As of June 30, 2025, the Company has used $1.9 million against the letter of credit sub-facility and had the ability to borrow $207.7 million under the facility based on our current trailing twelve-month EBITDA. The facility contains customary representations, warranties and restrictive covenants, as well as specific financial covenants. The Company’s current financial covenants under the facility are as follows:

Interest Coverage Ratio - The Company is required to maintain a ratio of Earnings Before Interest and Taxes, as Adjusted (“Adjusted EBIT per the Credit Facility”), to interest expense for the trailing twelve months of at least 2.75:1. Adjusted EBIT per the Credit Facility specifically excludes extraordinary and certain other defined items such as cash restructuring and acquisition related charges up to the lower of $20.0 million or 10% of EBITDA. The facility allows for unlimited non-cash charges including purchase accounting and goodwill adjustments. At June 30, 2025, the Company’s Interest Coverage Ratio was 6.42:1.

Leverage Ratio- The Company’s ratio of funded debt to trailing twelve month Adjusted EBITDA per the Credit Facility, calculated as Adjusted EBIT per the Credit Facility plus depreciation and amortization, may not exceed 3.5:1. Under certain circumstances in connection with a Material Acquisition (as defined in the Facility), the Facility allows for the leverage ratio to go as high as 4.0:1 for a four-fiscal quarter period.
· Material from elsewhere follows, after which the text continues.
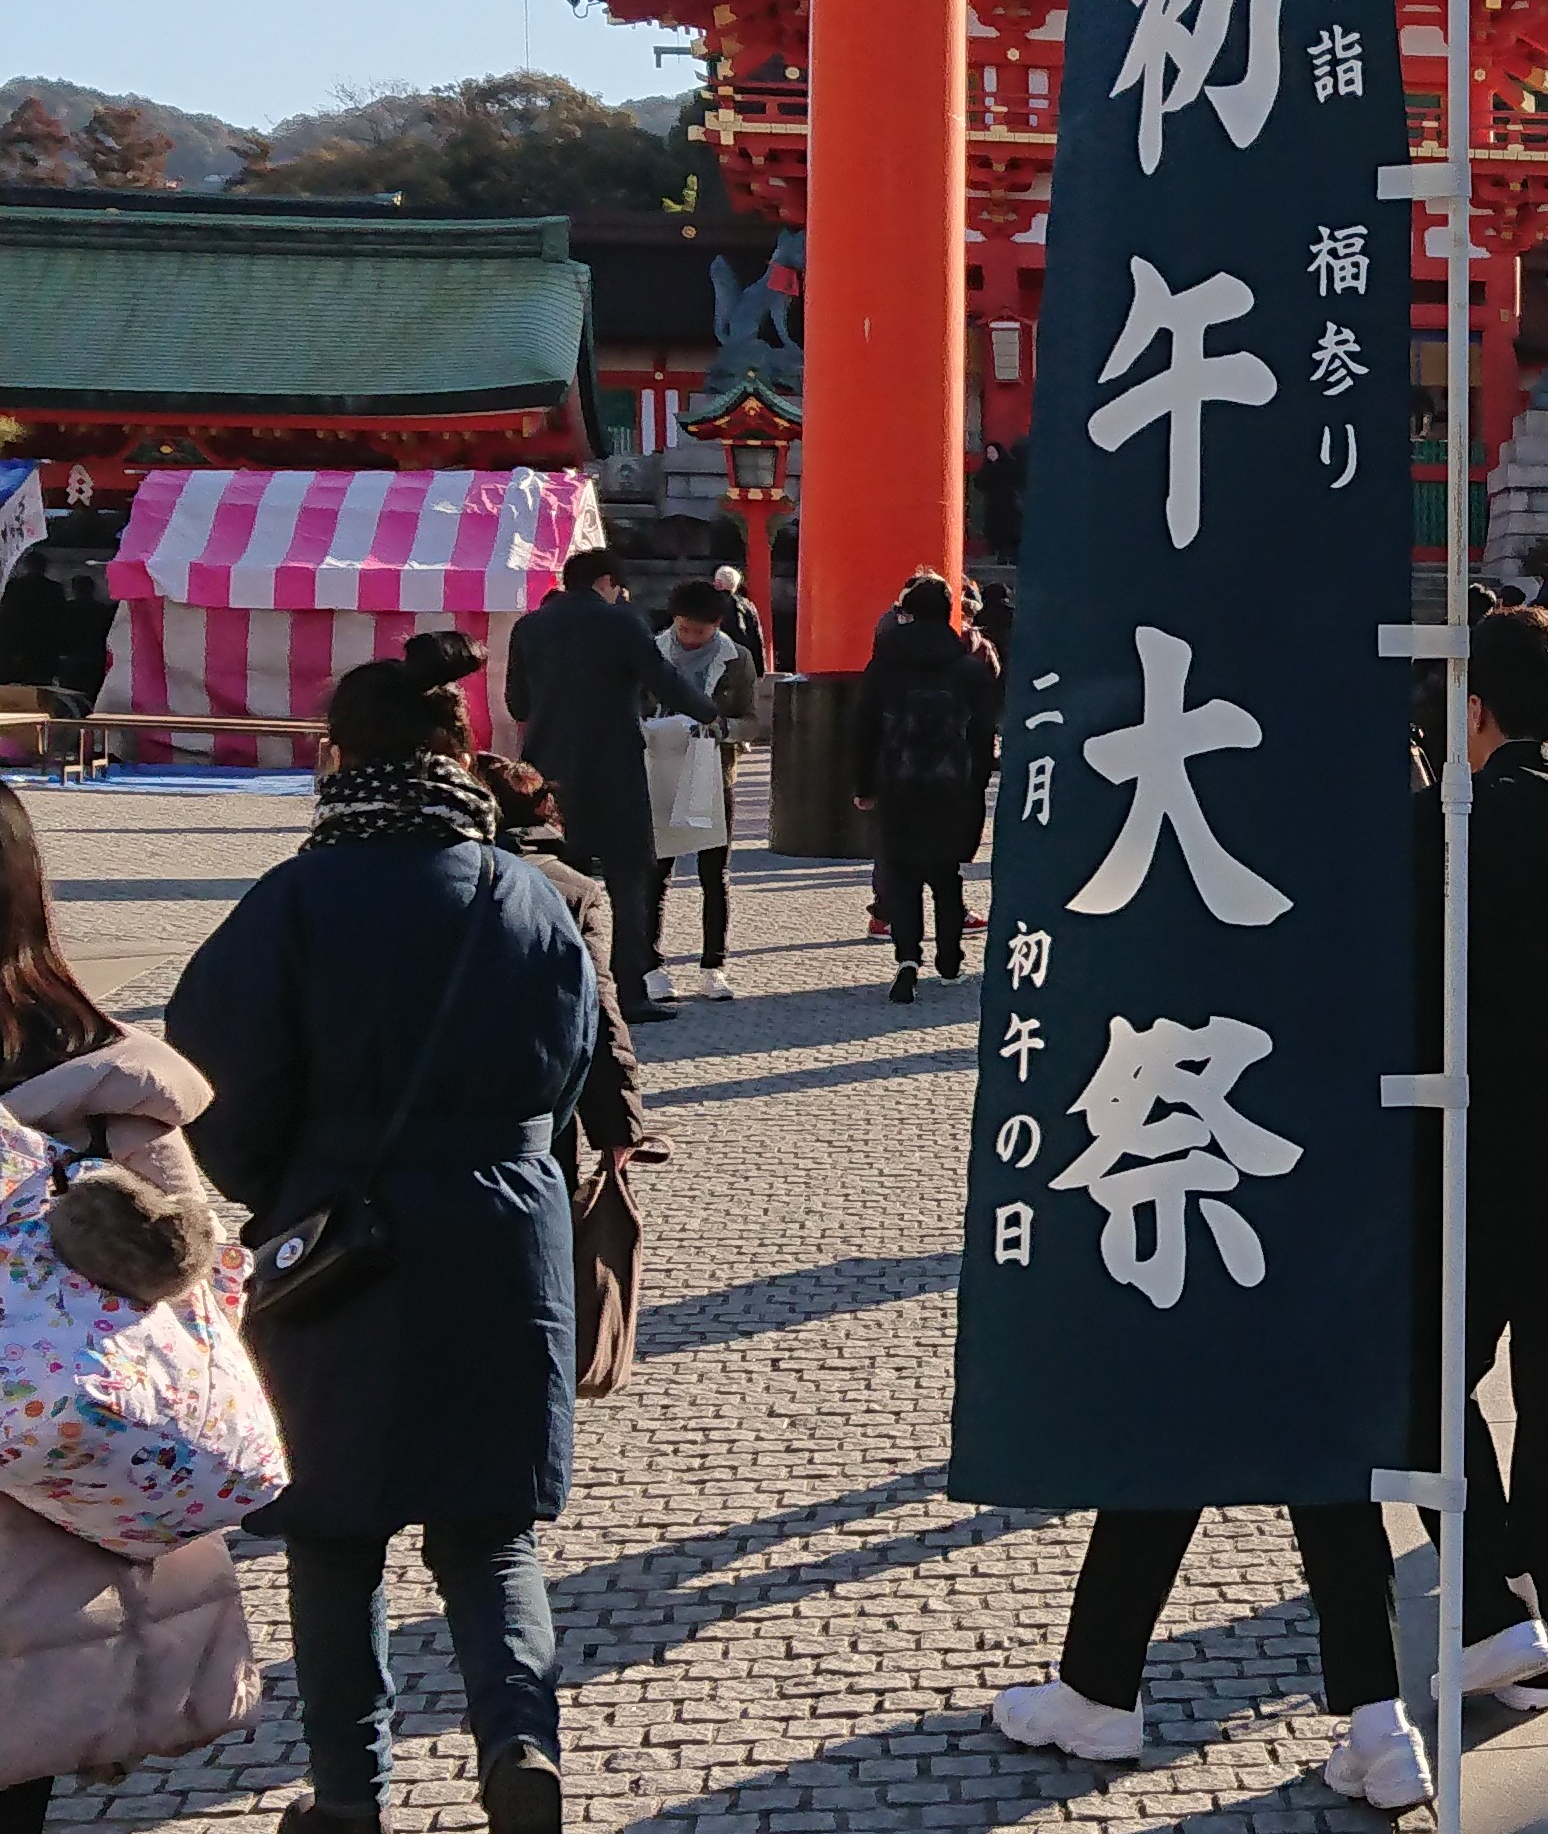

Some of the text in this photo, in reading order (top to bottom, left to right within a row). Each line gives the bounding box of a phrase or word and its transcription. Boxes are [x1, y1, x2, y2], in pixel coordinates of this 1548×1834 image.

At June 30, 2025, the Company’s Leverage Ratio was 2.60:1.

As of June 30, 2025, we had borrowings under our facility of $553.2 million. The effective rate of interest for our outstanding borrowings is 6.38%.  Our primary cash requirements in addition to day-to-day operating needs include interest payments, capital expenditures, acquisitions, share repurchases, and dividends. 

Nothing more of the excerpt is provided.